При уполномоченном находился заводила-профессионал – высокий пожилой мужчина в старом двубортном сером костюме. На нем были очки и тропический шлем – в точности такой, как у уполномоченного. Этот человек непрерывно жевал бетель; у него был большой рот с вислыми, выпачканными красным соком губами. Его лицо было лишено всякого выражения; казалось, он все время что-то подсчитывает в уме. Поправив очки, он с секретарским видом подошел к микрофону и молча встал перед ним. Потом неожиданно разинул свой огромный красный рот, обнажив пустоты между зубами и кусочки изжеванного ореха бетеля, и закричал:
– Кали Мата ки —
– Джай! – прокричали в ответ крестьяне; у них заблестели глаза, а с лиц не сходили улыбки. – Да здравствует Мать Кали!

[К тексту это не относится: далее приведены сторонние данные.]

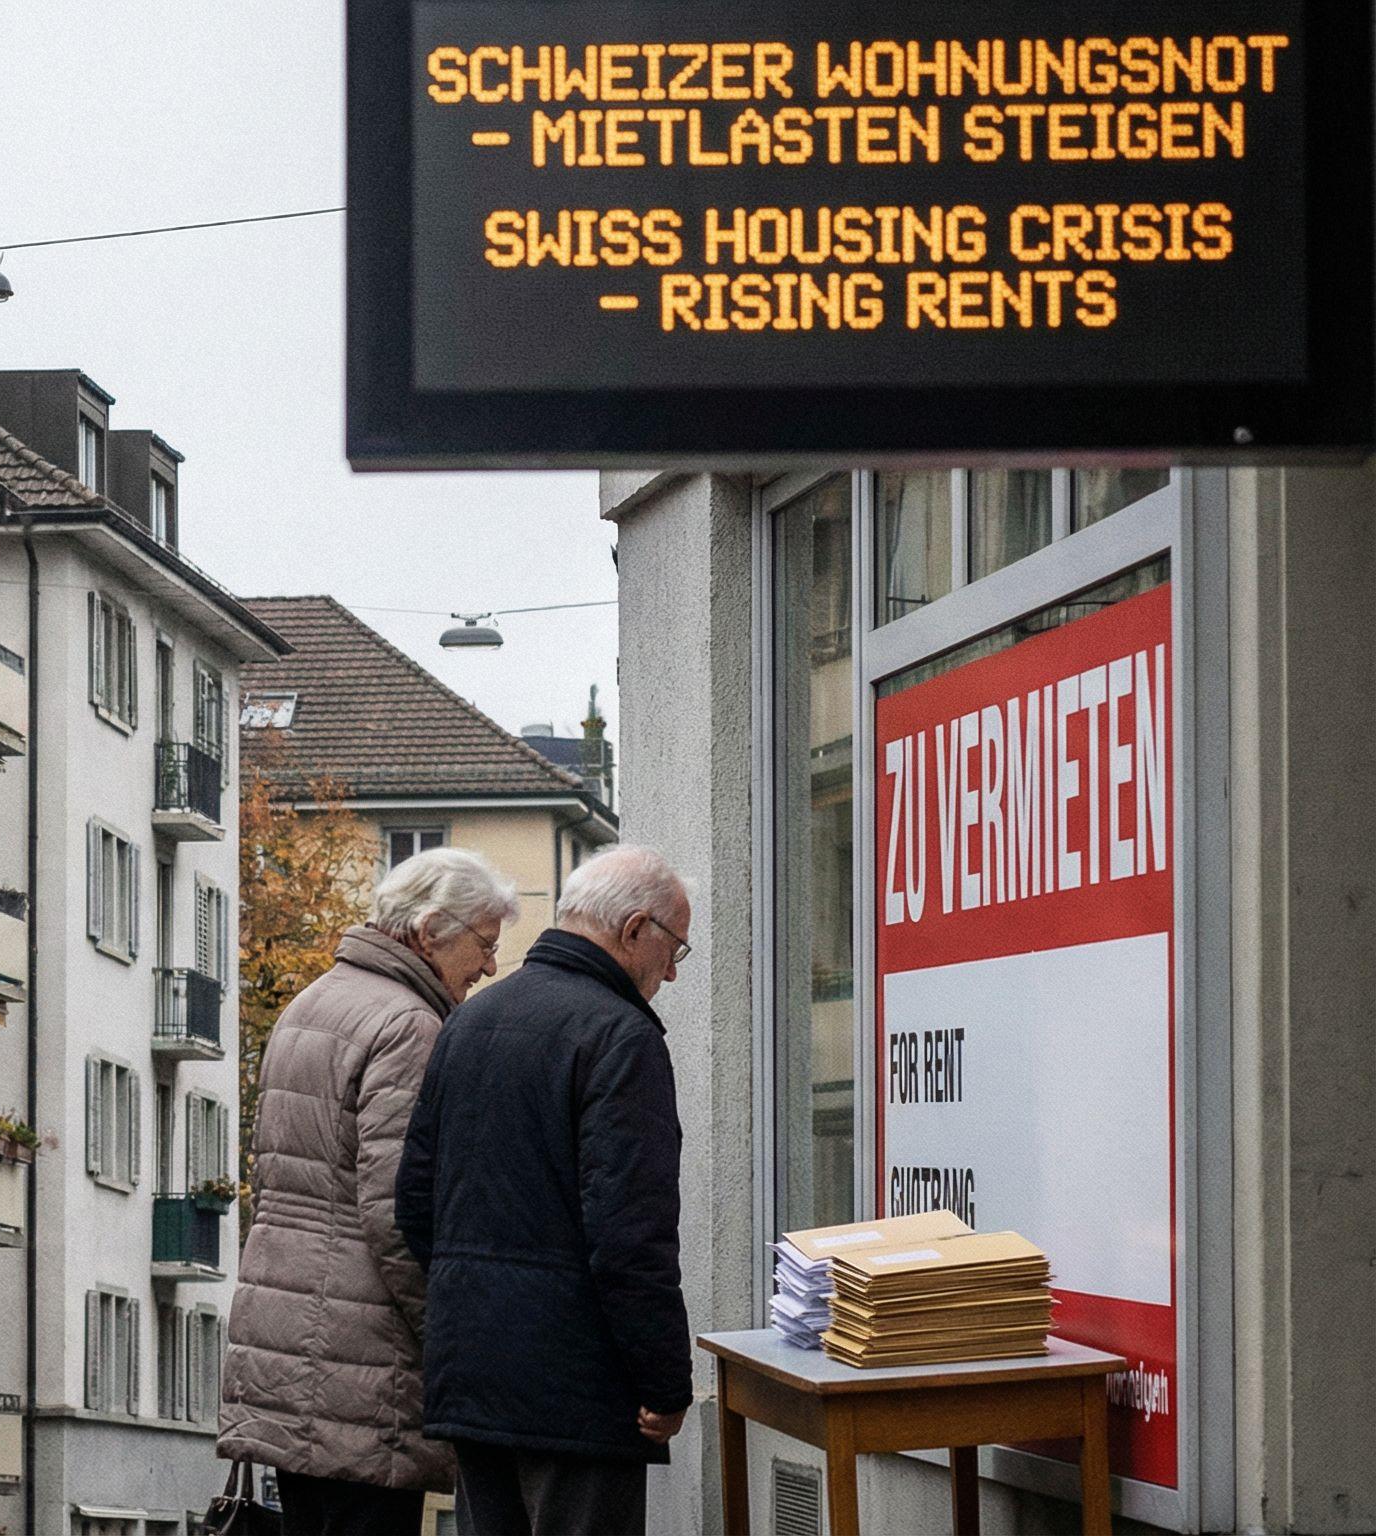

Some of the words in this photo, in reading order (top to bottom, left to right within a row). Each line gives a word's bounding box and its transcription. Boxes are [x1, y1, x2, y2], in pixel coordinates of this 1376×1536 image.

– Что же это такое? – проговорил помощник уполномоченного. – Я ничего не расслышал. – Это была его коронная фраза: он говорил ее на каждой встрече. – Давайте попробуем снова, и на сей раз я хочу вас услышать. Кали Мата ки —
– Джай! Джай! Джай!
Один, два, три раза призывали они имена богинь, и воодушевление в народе нарастало. А потом помощник резко развернулся, возвратился на свое место, решительно уселся, хлопнув себя тропическим шлемом по коленям, уставился прямо перед собой и, принявшись жевать зубами и губами бетель, заново погрузился в умственные арифметические вычисления.
Если слушателей оказывалось слишком мало, уполномоченный выражал недовольство, отказываясь произносить речь или уезжать. Тогда чиновники и полицейские с виноватым видом суетились; они созывали крестьян с полей и из домов, строем выводили детей из школы. Зато на вечерние концерты всегда собиралось достаточно зрителей. Певцы, пользовавшиеся местной популярностью, жевали бетель и исполняли собственные песни о китайском вторжении перед микрофонами, обернутыми в тряпочки – для защиты от брызг слюны, окрашенной бетелем. Звучали скетчи о том, что необходимо спасать родину, выращивать больше еды, делать взносы в Фонд национальной обороны и сдавать кровь. Пару раз один тщеславный драматург представил местного героя, погибавшего в сражении с китайцами; и становилось ясно, что никто в деревне не имеет ни малейшего понятия о том, как выглядят китайцы.
Из вагона поезда, с пыльных автомобильных дорог Индия казалась страной, взывавшей только к жалости. Испытывать жалость было легко, и, пожалуй, индийцы были правы: сострадание вроде моего, на поддержание которого уходило столько усилий, отказывало многим в праве быть людьми. Это чувство разъединяло; оно-то и оборачивалось потом удивлением и волнением, которое настигало меня во время таких концертов – простейших доказательств человеческого духа. Гнев, сострадание и презрение оказывались разными гранями одной и той же эмоции; они не имели ценности, потому что не могли длиться долго. Успех мог начаться только с примирения.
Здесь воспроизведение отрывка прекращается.